For centuries women have been helping other women deliver their babies, this is where the occupation of midwife developed. A midwife is an expert on all the options available to a woman during labor and delivery, and specializes in ensuring that the pregnant mother and baby need as little medical intervention as possible.
Midwives Model Of Care
This outline covers the main responsibilities of the midwife:
- To monitor the physical, psychological and general well-being of the mother throughout her pregnancy and postpartum period.
- Give the mother education, counseling and prenatal care as well as personal assistance through labor and deliver as well as providing postpartum support.
- Minimize medical and technological intervention
- Referring women who are in need of obstetrical attention when identified.

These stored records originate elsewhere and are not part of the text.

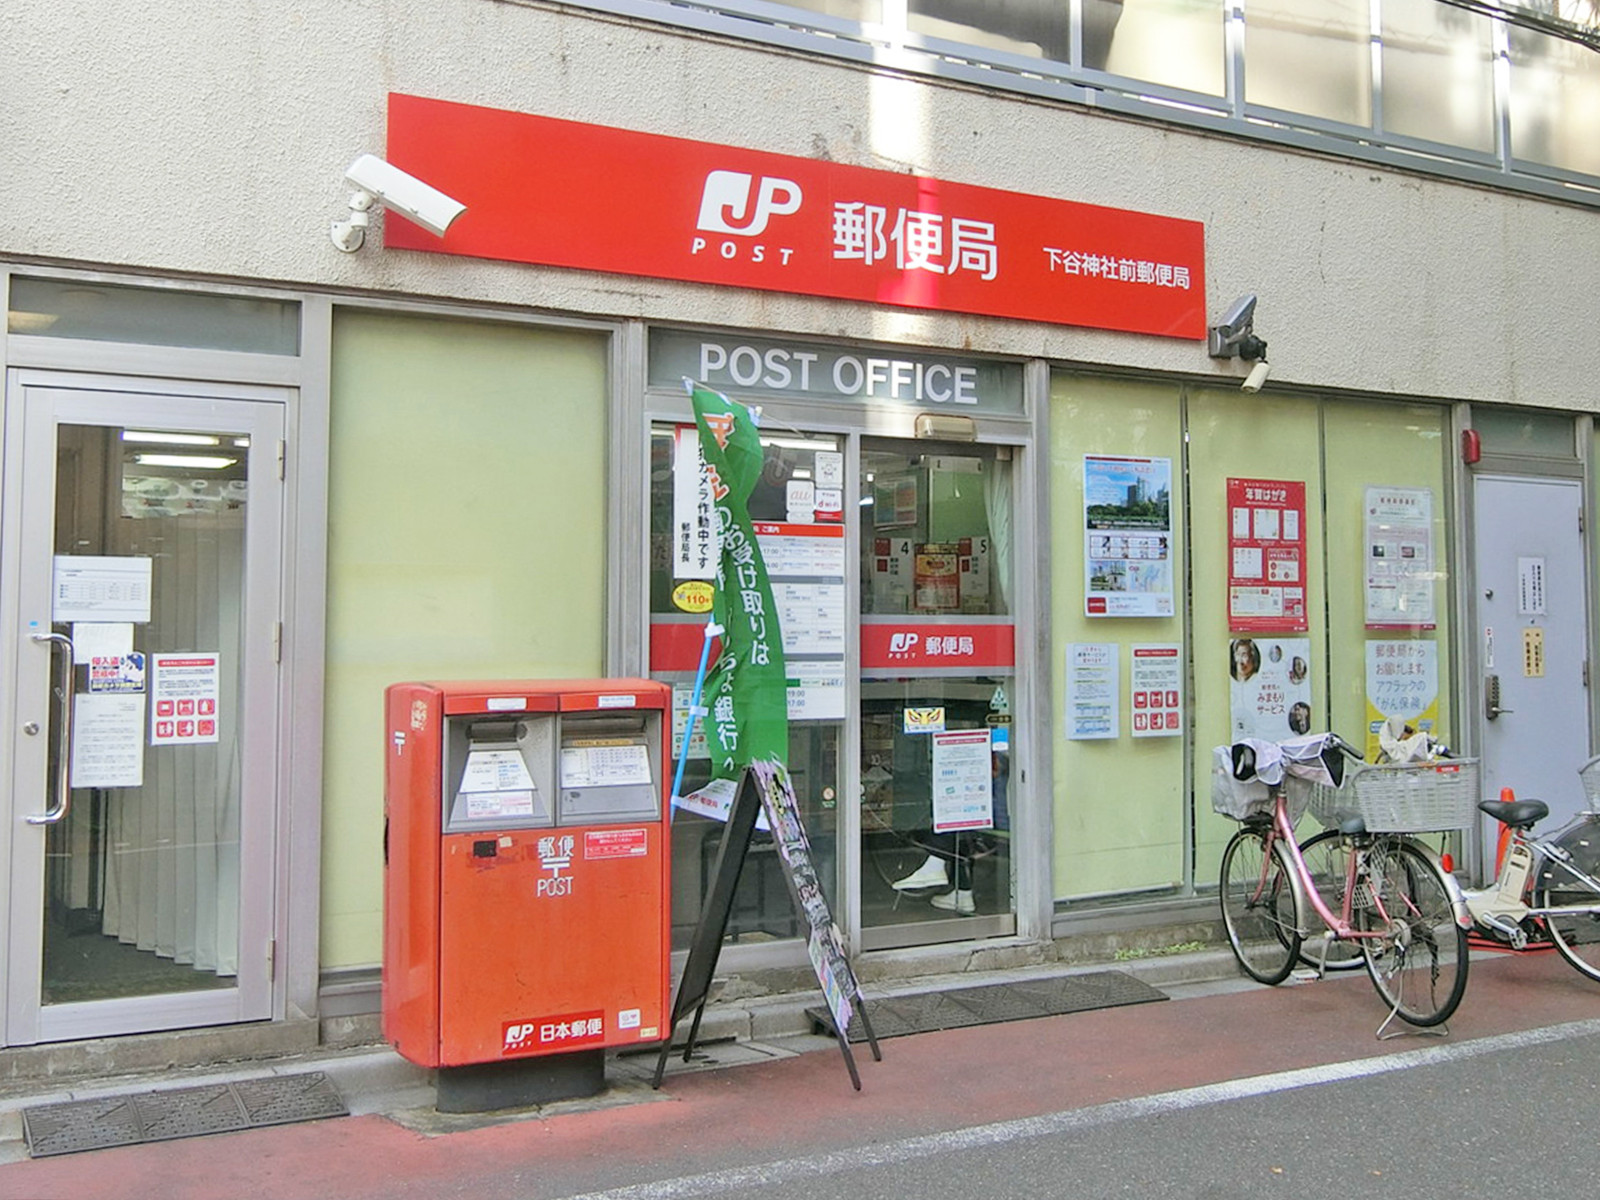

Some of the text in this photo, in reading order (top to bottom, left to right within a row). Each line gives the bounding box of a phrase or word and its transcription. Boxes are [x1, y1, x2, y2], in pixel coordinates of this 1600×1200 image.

[697, 170, 803, 237] JP
[692, 236, 794, 266] POST
[833, 201, 998, 281] 郵便局
[1043, 247, 1190, 290] 下谷神社前郵便局
[700, 343, 978, 405] POST OFFICE
[697, 441, 713, 569] カメラ作動中です
[901, 541, 910, 554] 4
[925, 636, 974, 656] 郵便局
[537, 835, 574, 858] 郵便
[537, 876, 574, 897] POST
[540, 1018, 603, 1042] 日本郵便

What Exactly Is A Midwife?
A midwife provides health care services to pregnant women, which can include taking a thorough medical history, conducting gynecological exams, providing prescriptions, giving contraceptive counseling and providing care during labor and delivery. Specifically a midwife’s duty is to help women through their labor, delivery and after birth.
What Do Midwives Do?
The services that a midwife can provide depend on their qualifications and licensing, as well as the practice restrictions imposed by each state. If the midwife is also licensed as a nurse then she will be able to provide more extensive services than one who is a midwife alone.
Services that midwives can provide include gynecological exams, preconception care and family planning, prenatal care, newborn care, labor and delivery care and support, and menopausal management. They can also educate on fertility, contraception, nutrition, exercise, breastfeeding and infant care. Midwives are a fantastic economical option for pregnant women.
Types Of Midwives
Midwives can get certified through the American College of Nurse Midwives (ACNM) or the North American Registry of Midwives (NARM). Here is the description of the different types of midwives:
- CNM: Certified Nurse-Midwife – a person trained and licensed in nursing and midwifery. A CNM has at least a bachelor’s degree and is certified by the ACNM.
- CPM: Certified Professional Midwife – a person trained as a midwife who meets the standards set by the ACNM.
- DEM: Direct-Entry Midwife – a person who has individually trained themselves in midwifery. Options for study include apprenticeship, midwifery school, college or university or even self-study.
- CM: Certified Midwife – a person trained and certified in midwifery, who has at least a bachelor’s degree and is certified by the ACNM.
- Lay Midwife – a person who has studied informally through self-study or apprenticeship but is not certified or licensed.
Where Do Midwives Work?
Midwives believe heavily in providing a natural childbirth experience whenever possible. They usually provide care in a private birthing center or at the mother’s home. Midwives can also work in conjunction with labor and delivery teams at hospitals. No matter where the mother chooses to give birth a midwife can provide assistance.
Benefits Of A Midwife
The primary reason why women choose a midwife is to keep the labor and delivery process natural, or at least as natural as possible. Midwives also provide excellent options when it comes to their fees, including payment plans, sliding scale fees and insurance plans.
Using a nurse-midwife along with a natural delivery may:
- Lower costs of maternity care
- Reduce mortality rates in conjunction with cesareans and other medical interventions
- Lower risk of recover complications
- Reduction of intervention rates
60 to 80% of pregnancies are considered low-risk, meaning that 20 to 40% of pregnancies may require medical intervention and require a doctor or surgeon. As long as adequate preparations are made in case of an emergency in a low-risk situation there is no reason why a home birth or delivery at a birth center cannot be attempted. In the case of higher risk pregnancies a midwife can still be utilized, but a delivery at a hospital will likely be recommended.